La hora del aperitivo encuentra una nueva versión en Madrid. Casa Vega, el bistró integrado en Vega Members Club y abierto también a clientes no socios, presenta una gilda que altera el guion clásico de uno de los bocados más reconocibles de la barra española.
La propuesta parte de una base conocida, pero cambia la experiencia en mesa. La Gilda Especial VEGA mantiene la combinación de anchoa de Santoña, aceituna y piparra, aunque introduce un salmorejo inspirado en el universo del Bloody Mary, con la idea de equilibrar el punto salino y picante con una sensación más fresca y envolvente.
Según explica David Rodríguez, executive chef de Casa Vega, el objetivo es ofrecer una lectura distinta del aperitivo español. La receta se sirve primero en coctelera y después llega a la mesa en copa, donde la gilda se coloca sobre el borde para reforzar el juego entre presentación, textura y contraste de sabores.
Una tradición de barra que ahora busca nuevas formas
La gilda vive desde hace tiempo una segunda juventud en la restauración urbana. Nacida como un bocado de barra ligado al norte de España, hoy se presta a reinterpretaciones que respetan su identidad pero amplían su lenguaje. En ese contexto, Casa Vega se suma a una tendencia cada vez más visible en Madrid: la de convertir el aperitivo en una experiencia con relato propio, más pausada y más escénica.
El movimiento no es casual. En una ciudad donde el tardeo, la coctelería gastronómica y las cartas pensadas para compartir ganan peso, piezas como esta conectan con un comensal que busca referencias reconocibles, aunque contadas de otra manera. La gilda sigue siendo la puerta de entrada, pero aquí dialoga con códigos más cercanos al bistró contemporáneo que a la barra tradicional.
Qué ofrece Casa Vega más allá de esta nueva gilda
El restaurante se presenta como un espacio de vocación social y estética cuidada dentro de Vega Members Club. Su principal reclamo es que se puede disfrutar sin pertenecer al club, un matiz relevante en una categoría, la de los espacios vinculados a clubes privados, que a menudo despierta curiosidad pero también cierta distancia entre el público general.
En lo gastronómico, Casa Vega dibuja una carta que mezcla referencias reconocibles y guiños más actuales. Aparecen platos como la Tortilla de Patata Salesas, el Bikini de Pastrami Ibérico y Trufa o los Rigatoni al Vodka, en una combinación que busca moverse entre el clasicismo europeo y una lectura más contemporánea, pensada para compartir y adaptarse a distintos momentos del día.

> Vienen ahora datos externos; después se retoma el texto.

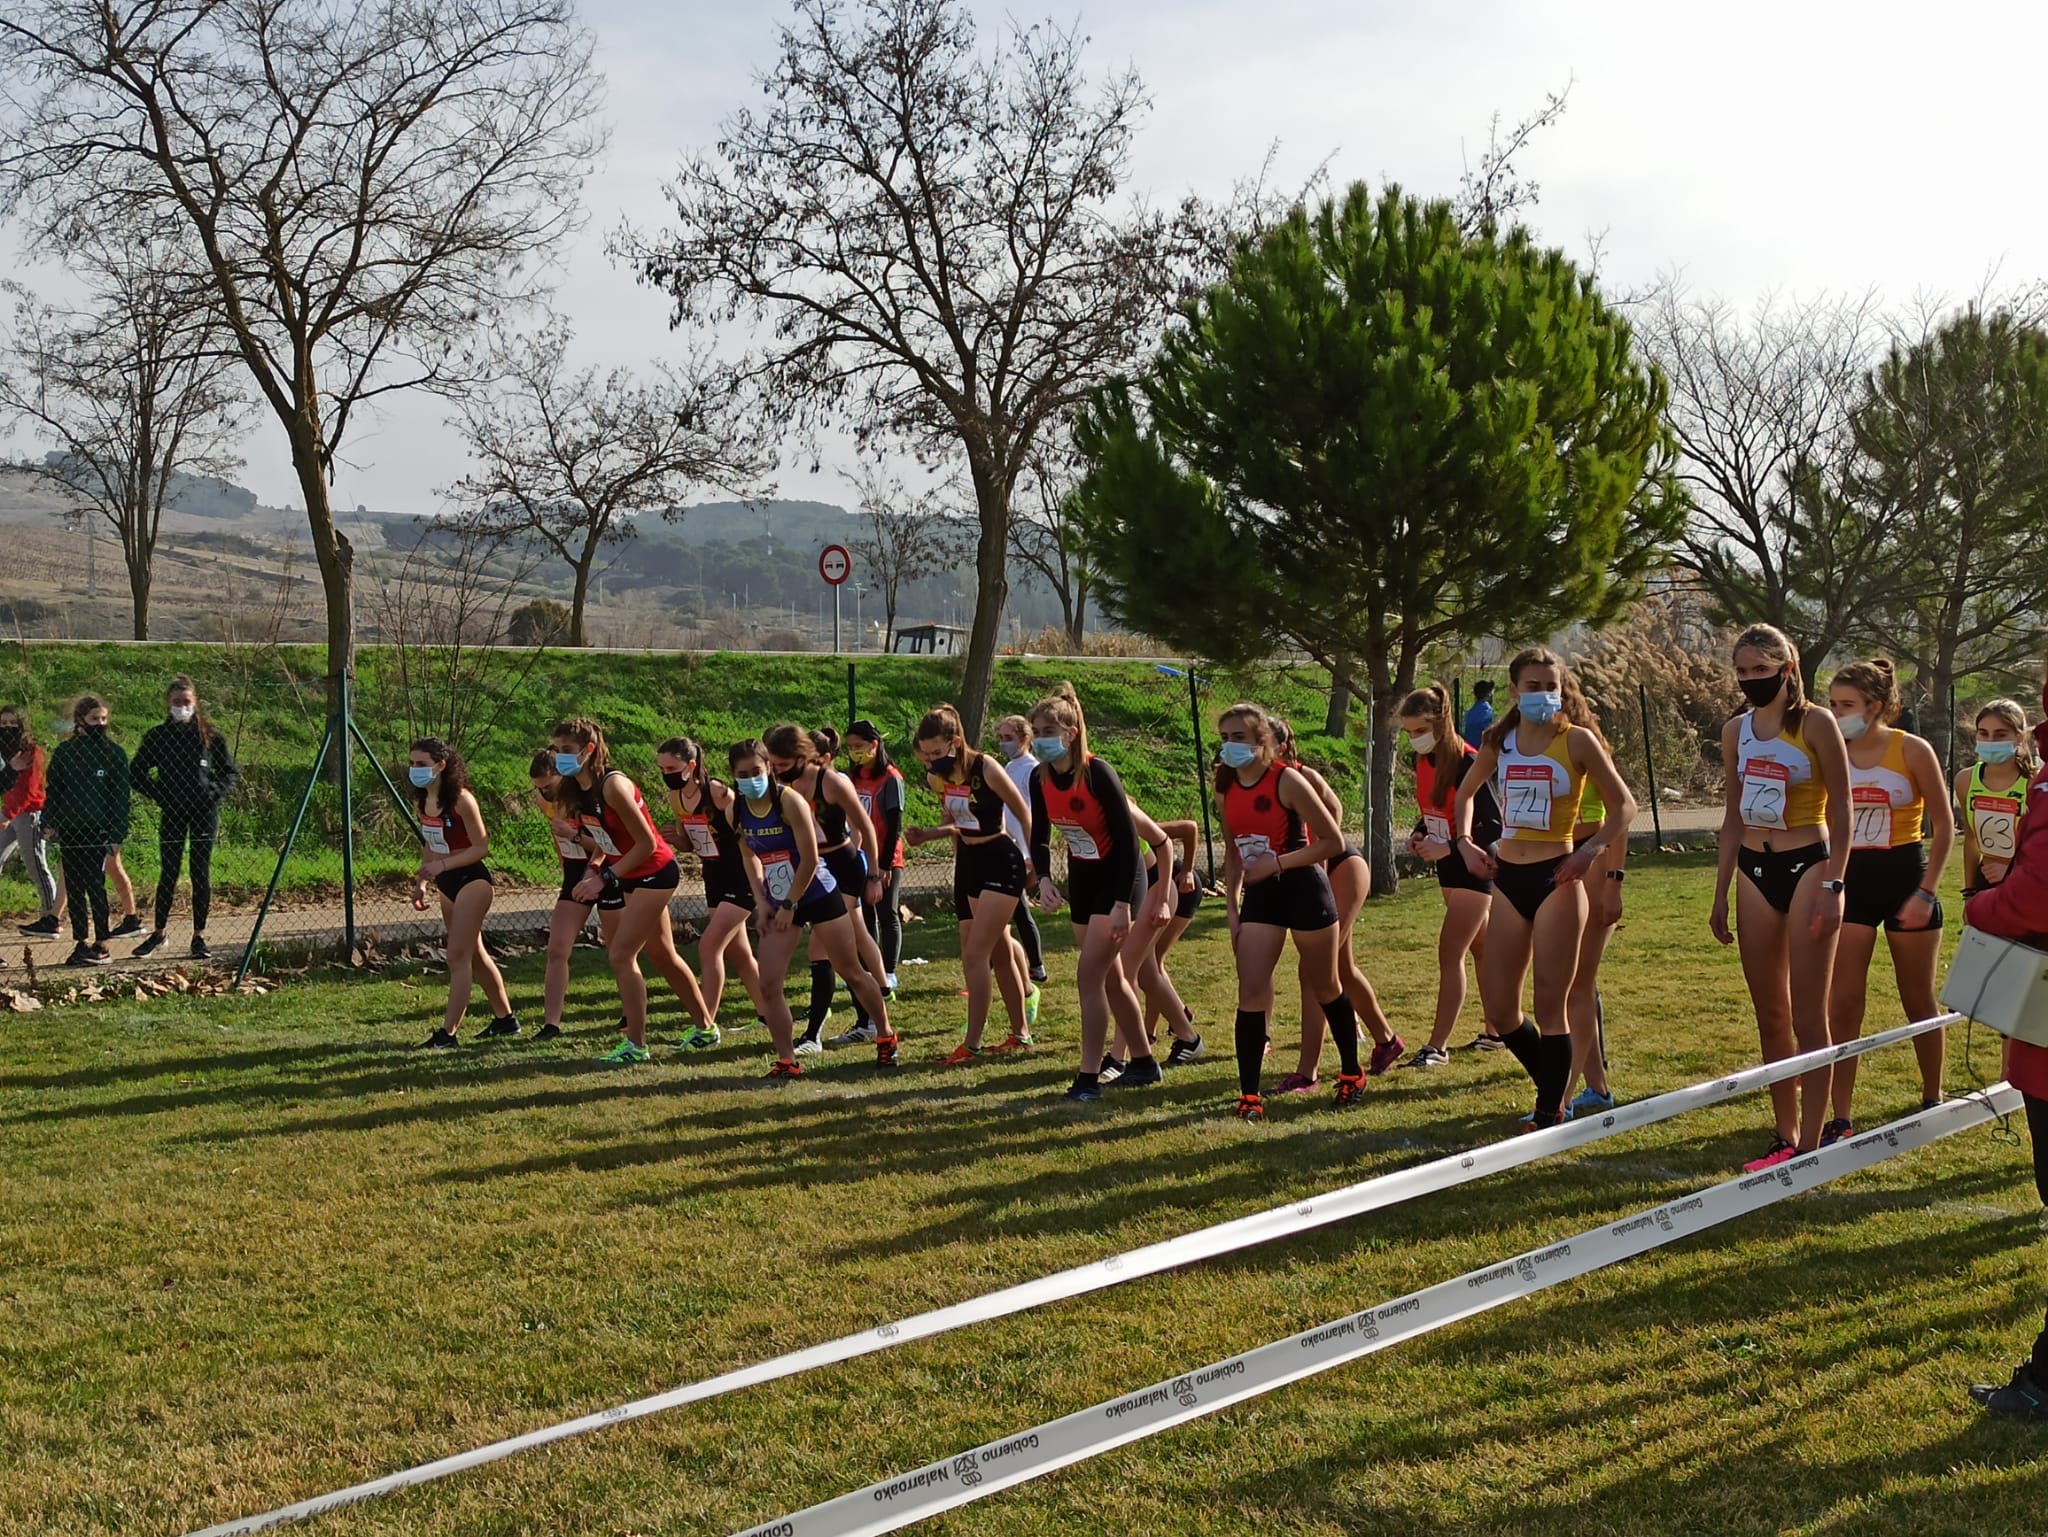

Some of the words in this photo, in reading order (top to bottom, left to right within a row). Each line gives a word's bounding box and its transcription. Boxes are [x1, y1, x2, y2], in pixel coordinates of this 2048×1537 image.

[1508, 786, 1548, 827] 74
[1744, 781, 1781, 823] 73
[1853, 806, 1886, 842] 70
[1979, 815, 2014, 850] 63
[688, 828, 713, 854] 57
[768, 862, 793, 896] 69
[1789, 1156, 1819, 1172] Gobierno
[1670, 1197, 1703, 1215] Gobierno
[1612, 1215, 1655, 1237] Nafarroako
[1534, 1244, 1571, 1264] Gobierno
[1467, 1265, 1515, 1288] Nafarroako
[1377, 1298, 1420, 1320] Gobierno
[1300, 1321, 1356, 1348] Nafarroako
[1196, 1360, 1246, 1385] Gobierno
[1105, 1388, 1169, 1418] Nafarroako
[982, 1434, 1039, 1462] Gobierno
[873, 1465, 950, 1502] Nafarroako

Detrás del proyecto figuran Íñigo Onieva y Manuel Campos, mientras que el interiorismo lleva la firma de Lázaro Rosa-Violán, un nombre habitual en la creación de espacios donde la experiencia visual pesa tanto como la culinaria. Esa suma de gastronomía, diseño y atmósfera define buena parte del nuevo mapa de restaurantes de estilo de vida en la capital.
Madrid convierte el aperitivo en territorio creativo
La novedad de Casa Vega llega en un momento en el que Madrid revisa algunos de sus rituales más castizos desde una mirada cosmopolita. El aperitivo, que durante décadas se asocia a una secuencia casi inmutable de vermú, encurtidos y conservas, ahora acepta formatos híbridos, presentaciones menos previsibles y un diálogo más claro con la coctelería.

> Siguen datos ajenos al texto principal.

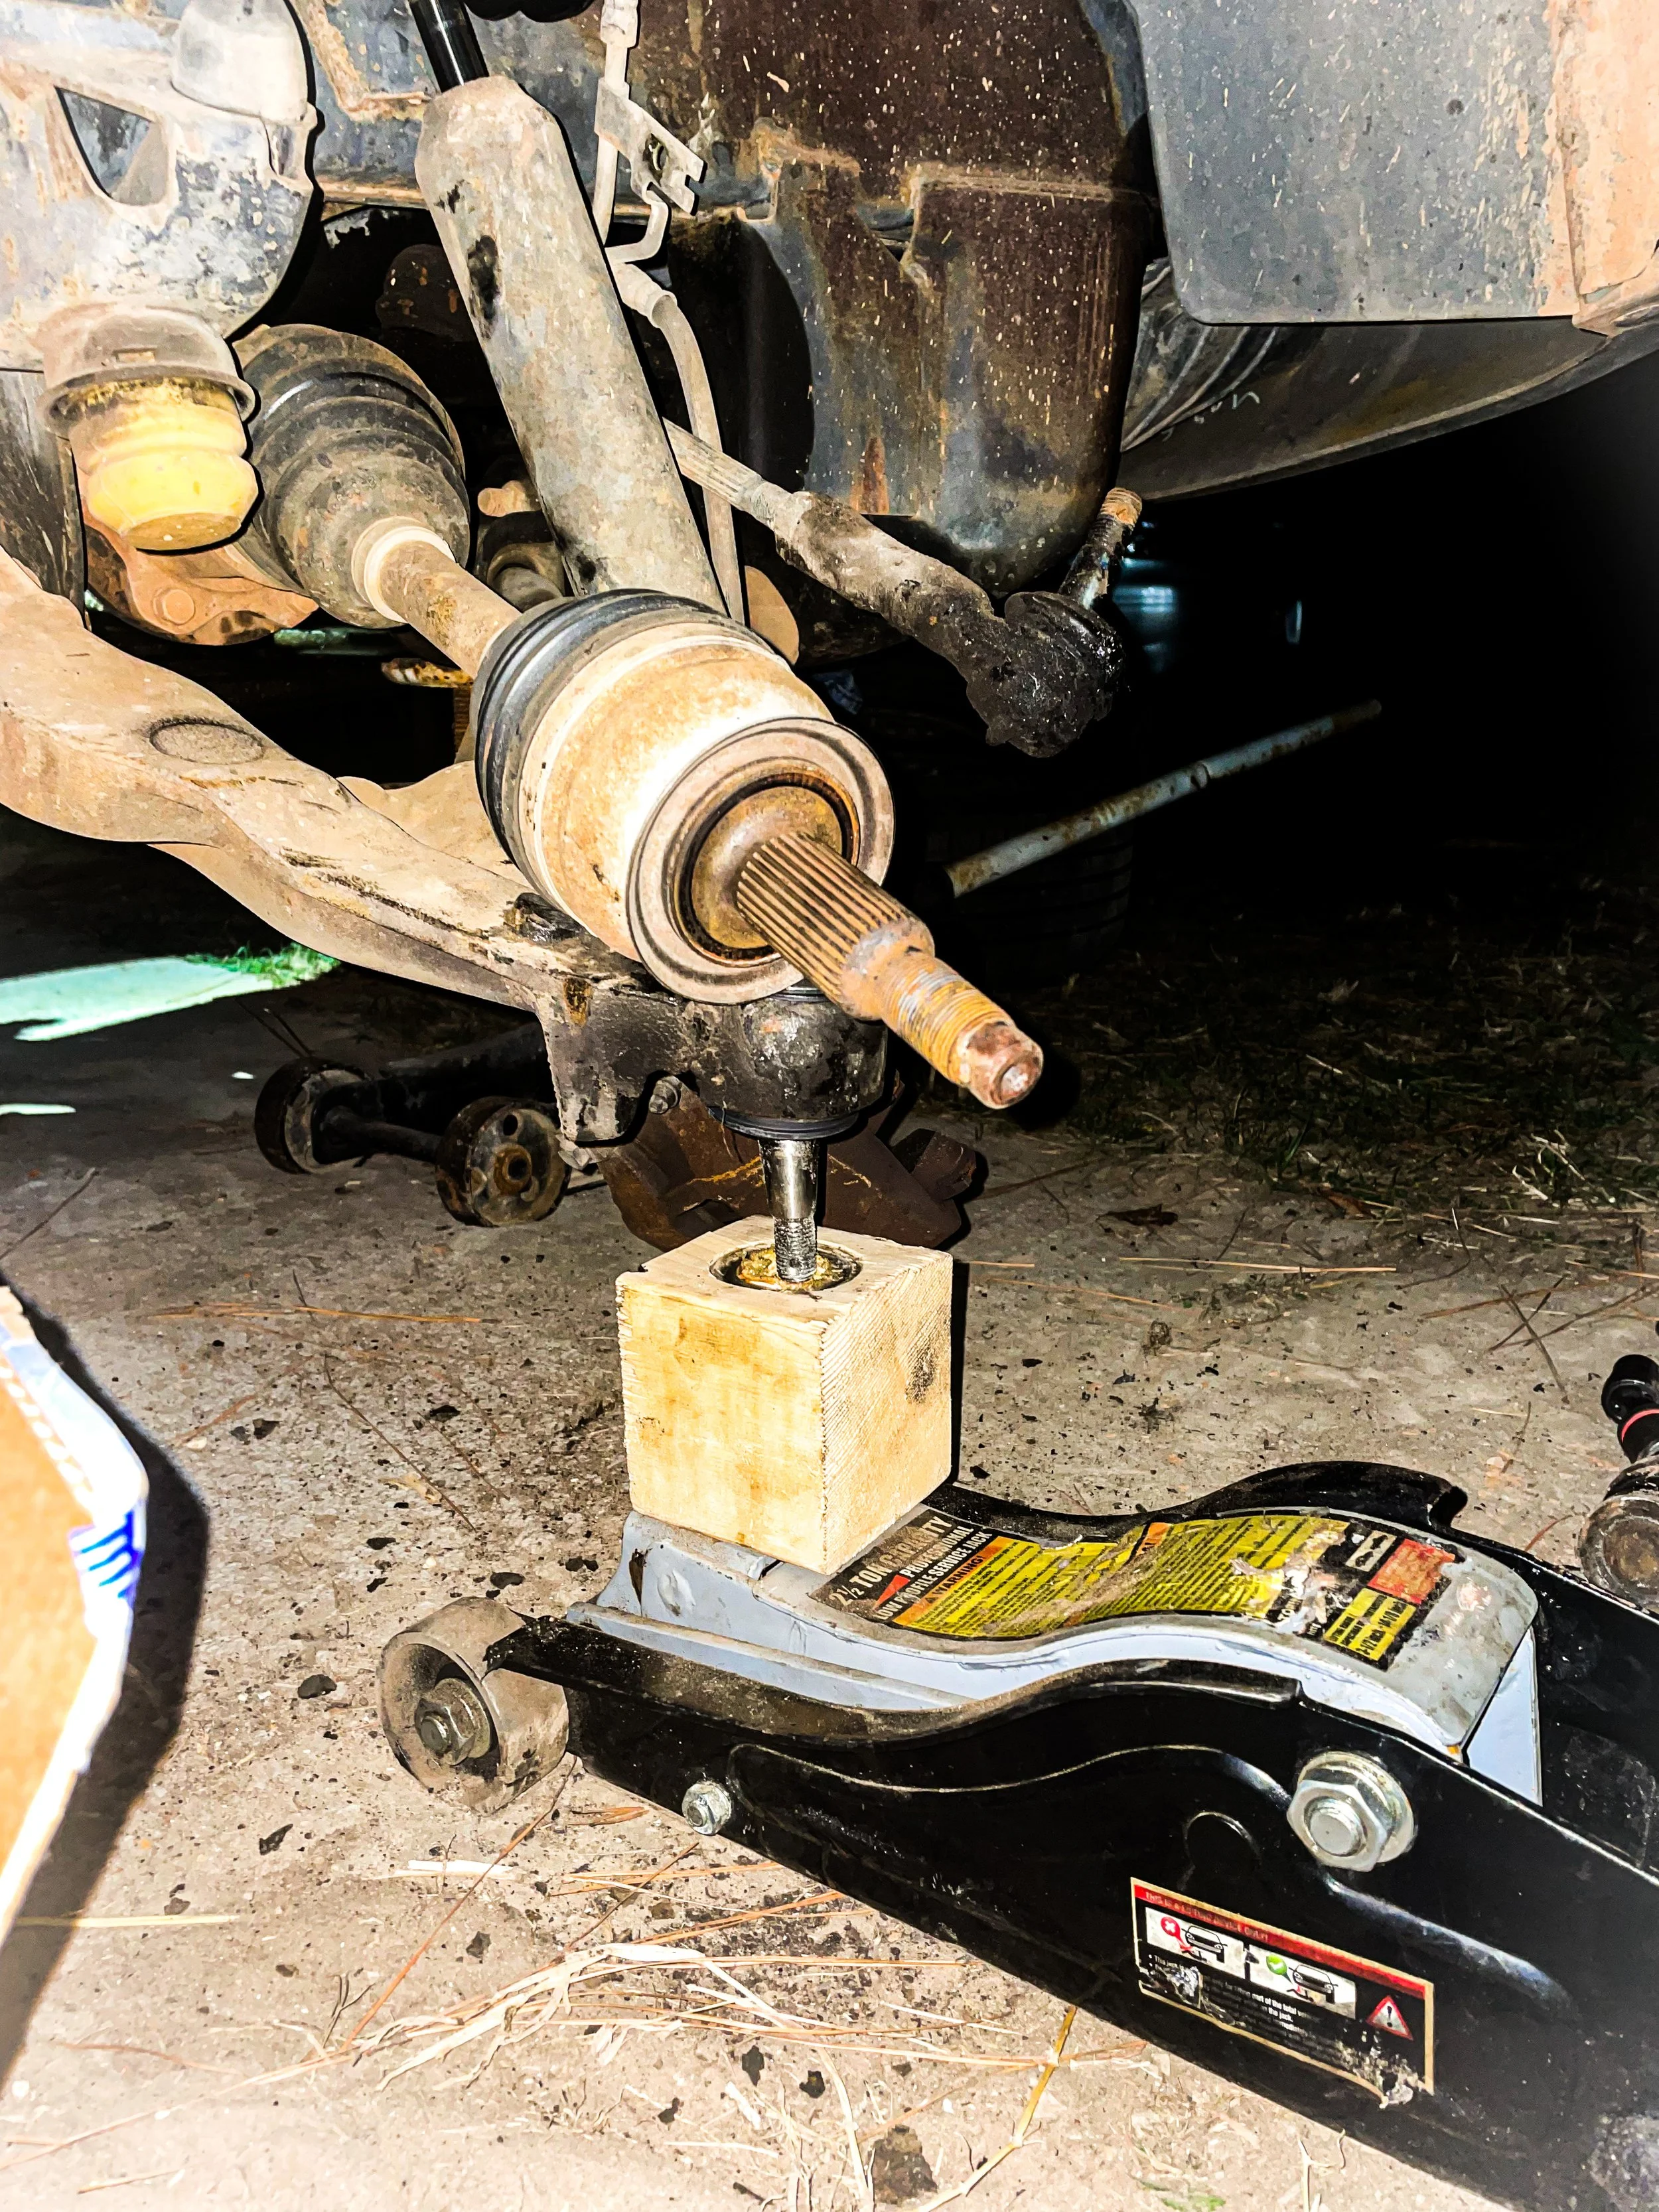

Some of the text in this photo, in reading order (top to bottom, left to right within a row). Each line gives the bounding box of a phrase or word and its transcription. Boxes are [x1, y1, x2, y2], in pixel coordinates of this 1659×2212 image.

[899, 1526, 974, 1578] PROFESSIONAL
[849, 1562, 893, 1588] TON
[873, 1530, 993, 1620] LOW POFILE SERVICE JACK
[933, 1555, 985, 1595] WARNING!
[1268, 2007, 1278, 2017] the
[1272, 2000, 1282, 2010] the
[1283, 2004, 1297, 2016] total

Esa evolución no borra la tradición, pero sí la desplaza hacia un terreno más flexible. En esta nueva escena, una gilda ya no solo funciona como un bocado rápido antes de comer: también puede marcar el tono de una comida, definir la personalidad de una casa y convertirse en noticia gastronómica cuando consigue reinterpretar un icono sin vaciarlo de sentido.